There’s no best edition

 

There are a few things we are left with in order to make a plausible choice of which edition could be best for our own musical circumstances. Here, we should appreciate that there’s always no “best edition”; there’s only… “better edition”. This is because an edition is really a fictional representation of the original artefact. Even a facsimile edition is still a vaguest representation of the original work, since, arguably, you can still lose a lot of nuances (e.g. a composer’s handwriting stresses and other graphological observations that could signal underlying musical intentions). One could go as far as arguing that even the original manuscript is a “dreamy” statement of the composer’s mind.
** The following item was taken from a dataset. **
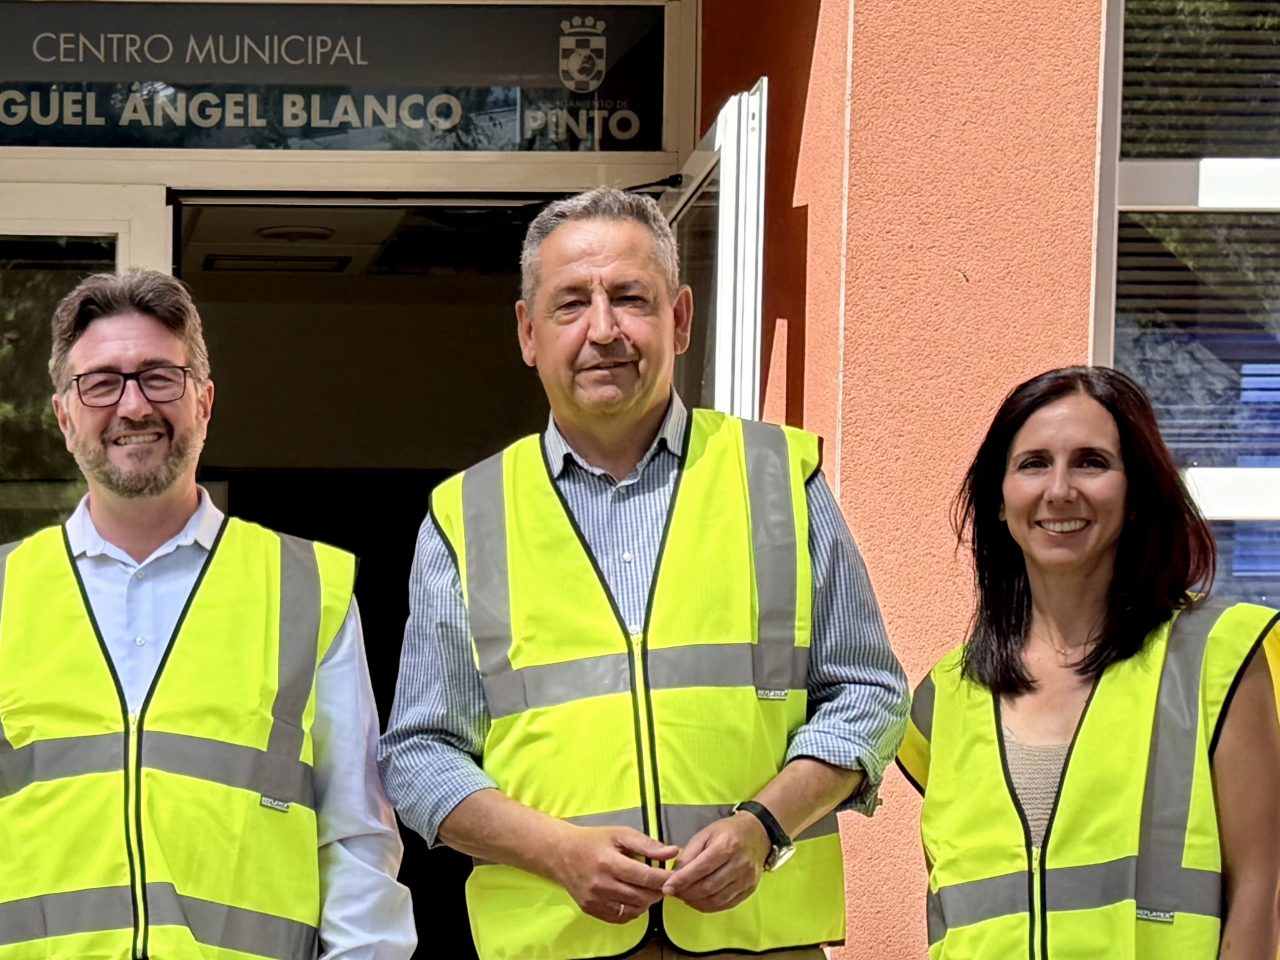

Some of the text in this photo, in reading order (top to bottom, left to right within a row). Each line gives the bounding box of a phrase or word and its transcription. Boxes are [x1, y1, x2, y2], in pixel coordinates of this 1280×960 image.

So, when it comes to editions, we have a few of the following choices:

  1. Use straight “out-of-the-box” an edition that was suggested to us by someone else. (The suggester could be a teacher, a friend of ours, a scholar of the composer, or generally, anybody else).
  2. Get an edition from the store without really caring about its provenance and quality. Then edit this edition to fit our own performance views, or let our instructor do the editing for us and give us the end result to play.
  3. Acquire all editions of that work available in the world today, compare them (hopefully by researching) and then choose our favourite.
  4. Call every editor and ask them to explain their editorial suggestions, and then make a more informed decision regarding which edition to choose.
  5. Find the autograph music written originally by the composer, conduct our own research, and do our own editing – tough, for the laziest of us.
  6. And of course there are more drastic ways, such as finding the original manuscript of the composition, then, if the composer is not alive remove the composer from the grave and ask them to describe in writing how to perform their piece. Then, of course, make them sign their written description as a worldwide binding contract.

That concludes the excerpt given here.